Vera shrugged. “Not every challenge you face in life is going to be about combat skills or lightning fast reflexes. This one is probably a test of patience, or maybe problem solving. There’s probably a way to speed this up. There usually is. Maybe several.”
Sera picked up a key from the pile and offered it to Vera. “If we hand you a key, will you be able to tell if it’s the right one before we try it in a lock?”
Vera accepted the key. “Probably. Interesting. This key isn’t enchanted. The lock was definitely looking for an enchantment. That’s how it checks if the key is right.”
I considered that. “That narrows things a lot, actually. I could probably find the enchanted keys pretty fast. Or, at least, the ones that aren’t buried.”
I tapped my mana watch to my forehead and checked the value. 48/48. I’d used a little bit of the mana from my hand during the fight, but none of my mental mana. It would be safe to turn my attunement on for just a bit.
I looked back to Vera. “I’m going to activate my attunement and start picking up keys. I’ll hand them to you when I find them.”
“Sounds like a good plan.” Vera nodded and started walking to the other side of the room.
I turned my attunement on. It was momentarily blinding; there was magic everywhere in the tower. Literally everywhere; even the air itself was infused with a little bit of mana.
I wasn’t just seeing the mana.
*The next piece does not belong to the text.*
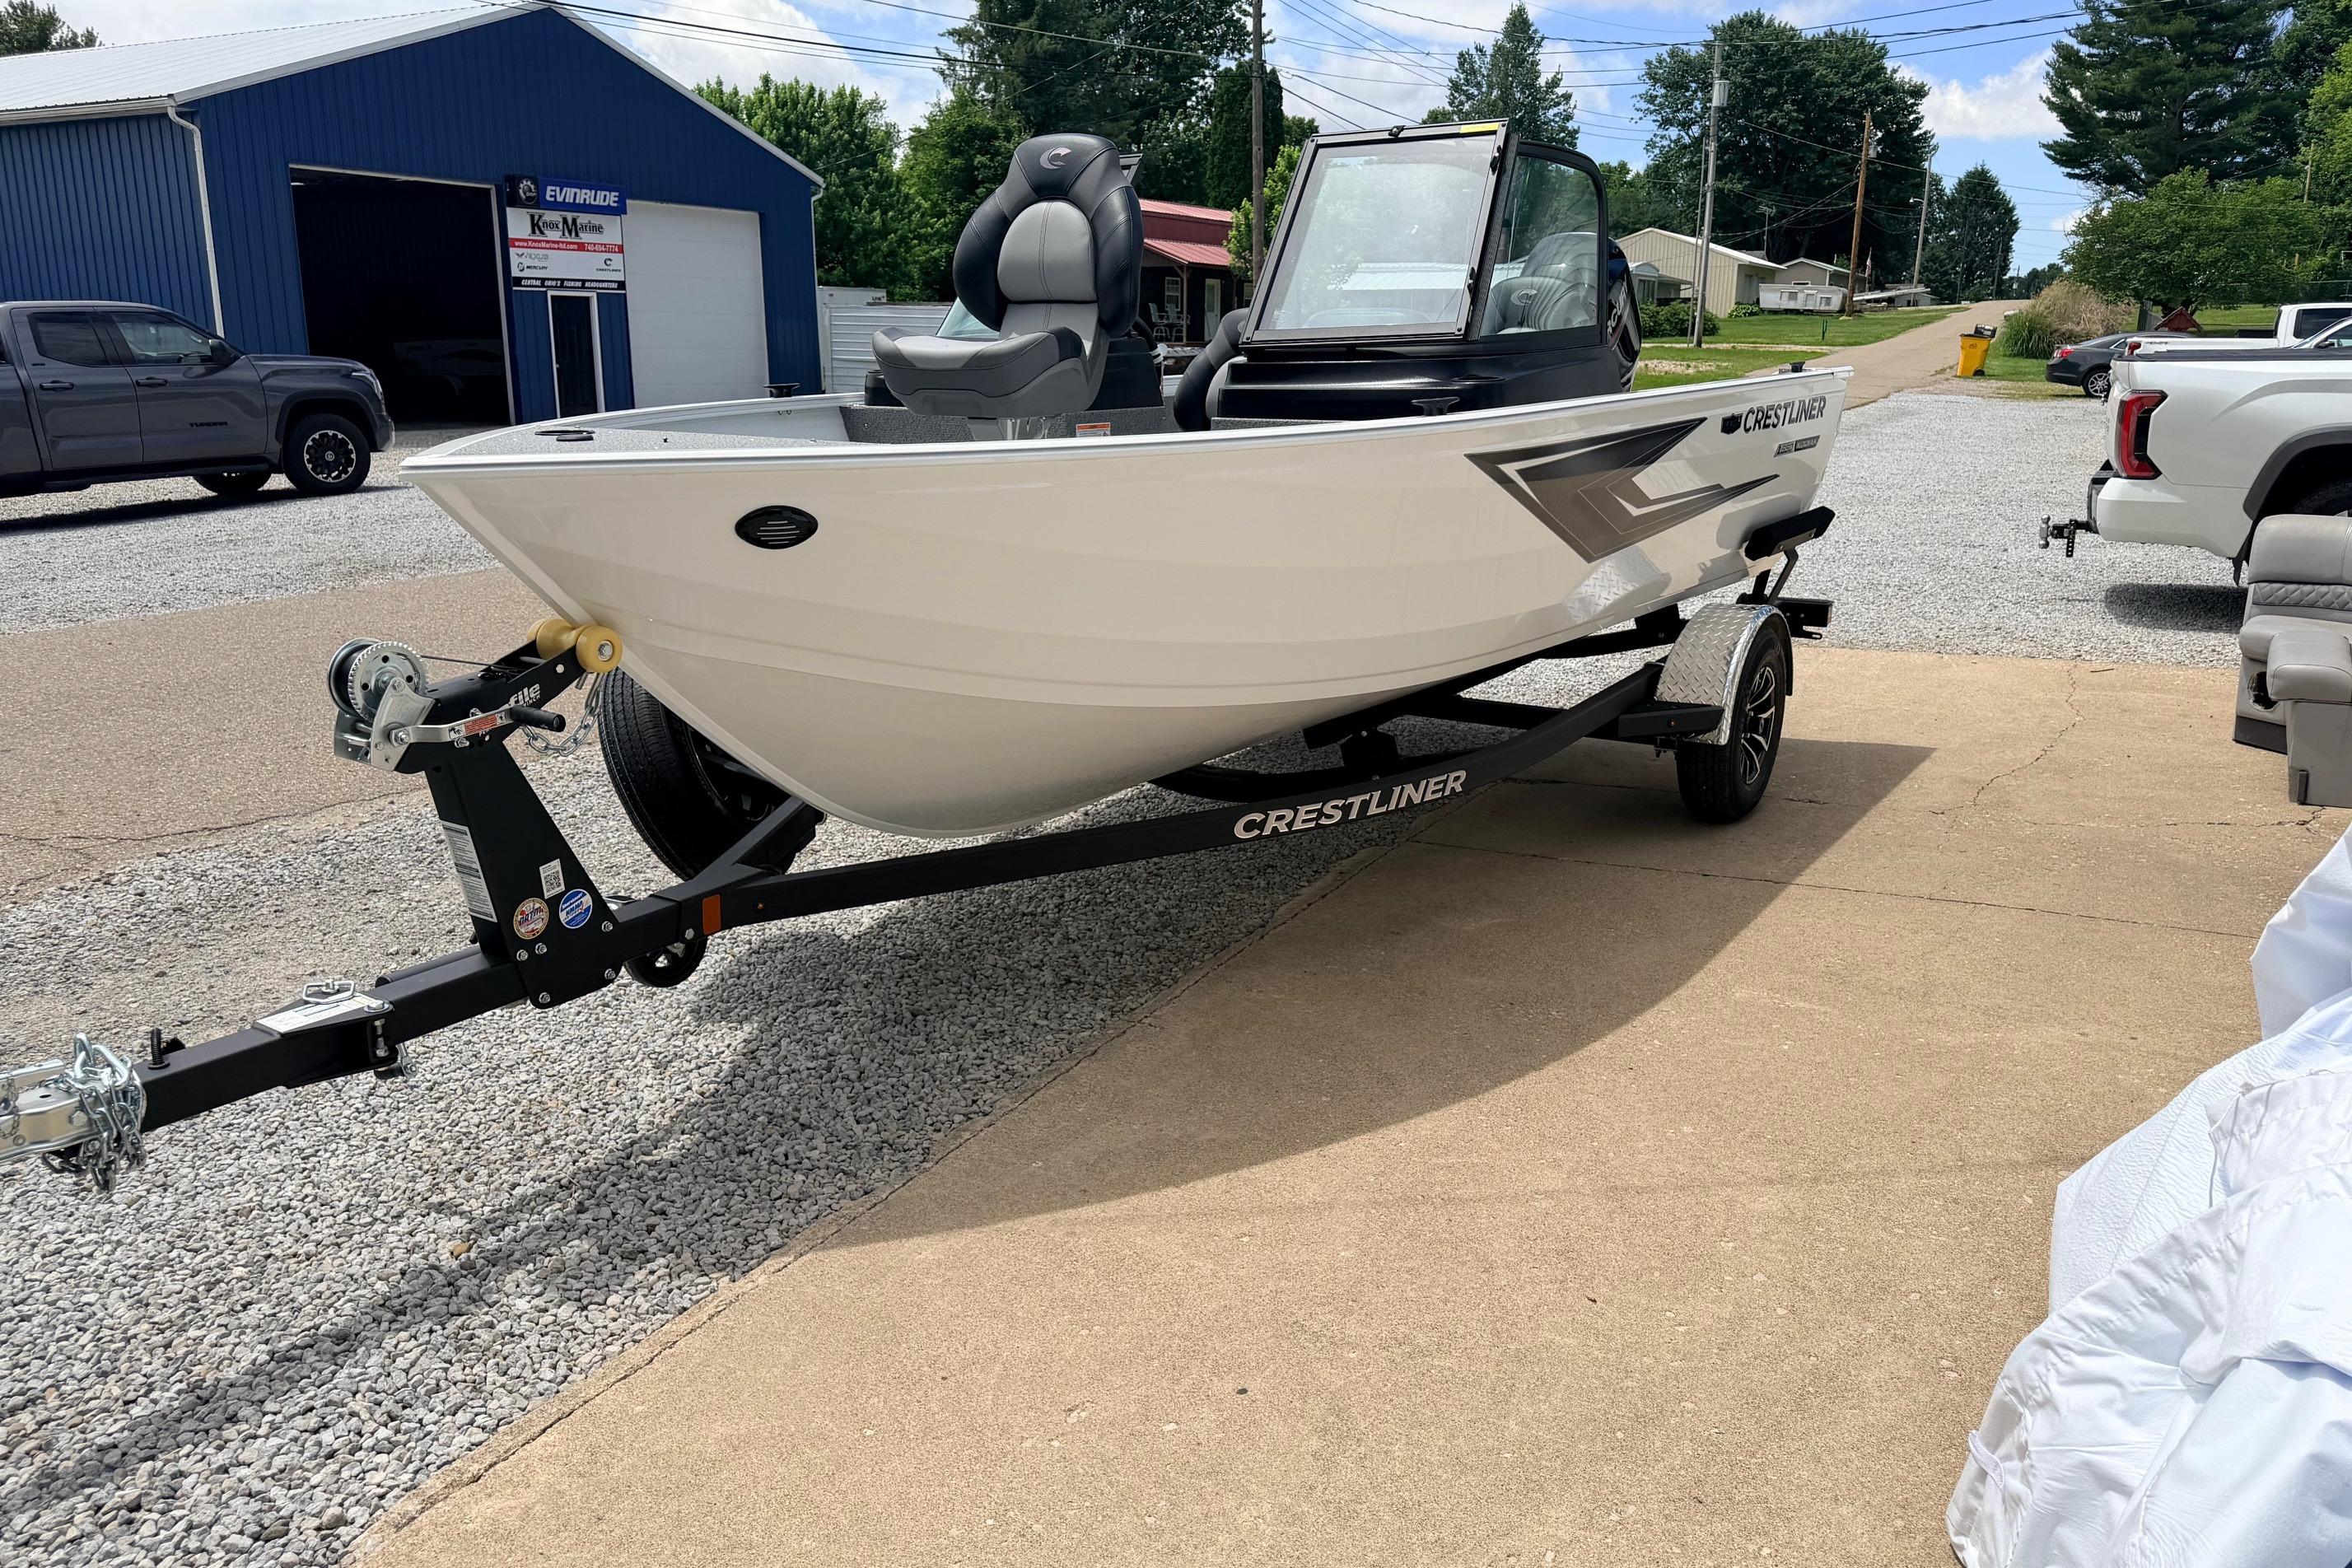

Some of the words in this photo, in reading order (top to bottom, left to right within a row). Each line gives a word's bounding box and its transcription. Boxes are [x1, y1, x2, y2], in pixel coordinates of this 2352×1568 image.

The mana was so thick around me that I could feel it. It was like a haze of mist all around me, solid enough that I could imagine touching it.
Could I?
Experimentally, I reached out with my right hand and focused my mind. I tried to reach into the ambient mana and pull on it like I could with a mana crystal. A tiny patch of mana reacted, swirling around my fingers. The mana pulled away from my hand a moment later, indicating that something was working against my efforts.
Interesting. I’ll have to experiment with this more later.
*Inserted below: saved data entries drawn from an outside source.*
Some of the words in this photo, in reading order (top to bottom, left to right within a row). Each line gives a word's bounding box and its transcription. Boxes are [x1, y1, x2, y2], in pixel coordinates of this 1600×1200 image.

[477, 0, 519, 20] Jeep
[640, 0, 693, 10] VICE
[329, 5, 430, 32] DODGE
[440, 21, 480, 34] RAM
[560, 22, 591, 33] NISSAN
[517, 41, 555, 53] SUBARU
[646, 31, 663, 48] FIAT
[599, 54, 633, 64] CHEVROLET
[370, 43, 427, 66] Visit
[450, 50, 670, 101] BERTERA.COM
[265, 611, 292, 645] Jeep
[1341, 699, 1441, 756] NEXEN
The brightest source of mana in the room was Derek; he had his Emerald shroud active. It made sense. We all knew he was an Emerald, so he had no reason to hide it and risk suffering an injury with a weaker shroud.
After that, the strongest auras were from Derek’s weapons and Orden’s tunic. The ring of regeneration was next, glowing with a golden Citrine aura.
Interestingly enough, Selys-Lyann didn’t have a colored glow at all. The aura around it was translucent, much like a quartz attuned. I doubted it was only Quartz-Level, however, which implied that one of the runes on the weapon was designed to conceal the sword’s aura.